DESCRIPTION OF THE TASK
All of the entries below need repeating exactly, apart from their images.

EXERCISE DATA
----

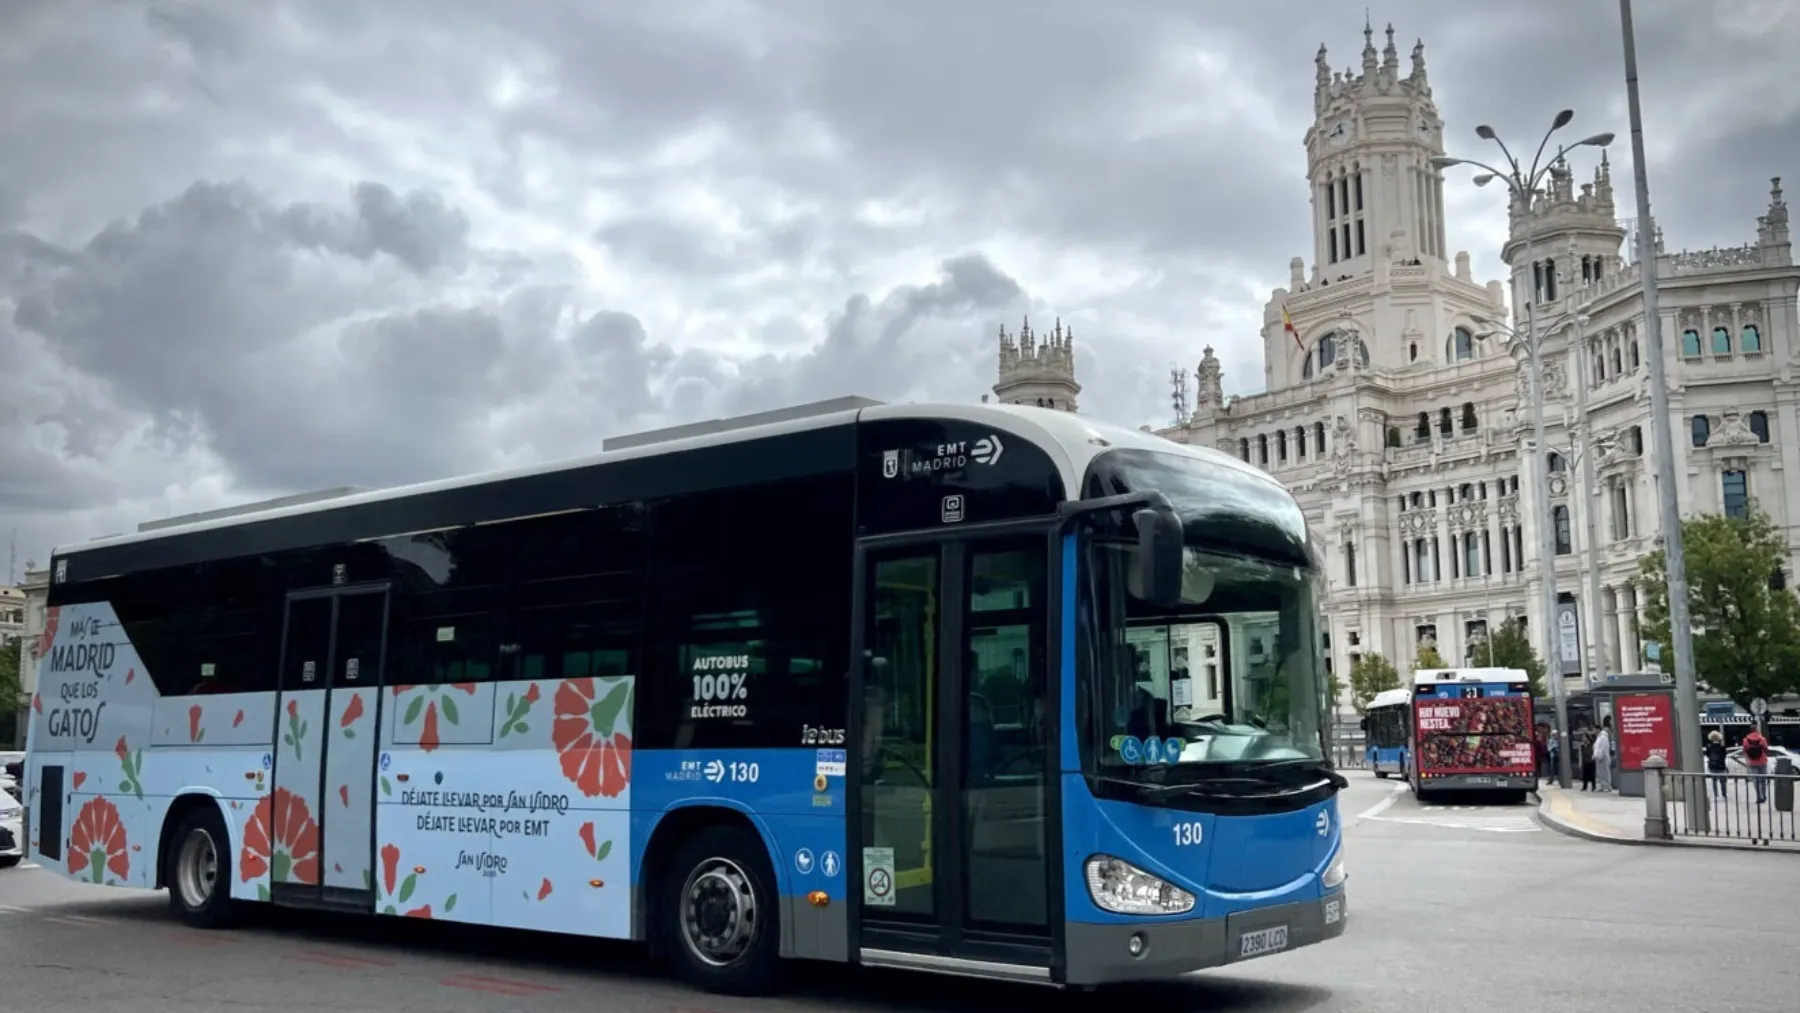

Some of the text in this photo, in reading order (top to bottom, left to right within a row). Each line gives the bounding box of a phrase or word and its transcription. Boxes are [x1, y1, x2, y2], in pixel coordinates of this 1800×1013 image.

[937, 442, 966, 456] EMT
[912, 455, 966, 472] MADRID
[50, 642, 115, 678] MADRID
[693, 655, 749, 670] AUTOBUS
[61, 681, 99, 704] QUE LOS
[692, 673, 747, 700] 100%
[691, 703, 747, 718] ELÉCTRICO
[48, 701, 106, 744] GATOS
[818, 725, 845, 744] bus
[665, 771, 702, 780] MADRID
[681, 761, 702, 770] EMT
[729, 762, 759, 782] 130
[402, 787, 569, 815] DÉJATE LLEVAR POR SAN ISIDRO
[417, 811, 550, 838] DÉJATE LLEVAR POR EMT
[1172, 822, 1203, 846] 130
[455, 850, 507, 873] SAN ISIDRO
[1243, 932, 1266, 953] 2390

----

YOUR RESPONSE
Some of the text in this photo, in reading order (top to bottom, left to right within a row). Each line gives the bounding box of a phrase or word and its transcription. Boxes are [x1, y1, x2, y2], in pixel coordinates of this 1800×1013 image.

[937, 442, 966, 456] EMT
[912, 455, 966, 472] MADRID
[50, 642, 115, 678] MADRID
[693, 655, 749, 670] AUTOBUS
[61, 681, 99, 704] QUE LOS
[692, 673, 747, 700] 100%
[691, 703, 747, 718] ELÉCTRICO
[48, 701, 106, 744] GATOS
[818, 725, 845, 744] bus
[665, 771, 702, 780] MADRID
[681, 761, 702, 770] EMT
[729, 762, 759, 782] 130
[402, 787, 569, 815] DÉJATE LLEVAR POR SAN ISIDRO
[417, 811, 550, 838] DÉJATE LLEVAR POR EMT
[1172, 822, 1203, 846] 130
[455, 850, 507, 873] SAN ISIDRO
[1243, 932, 1266, 953] 2390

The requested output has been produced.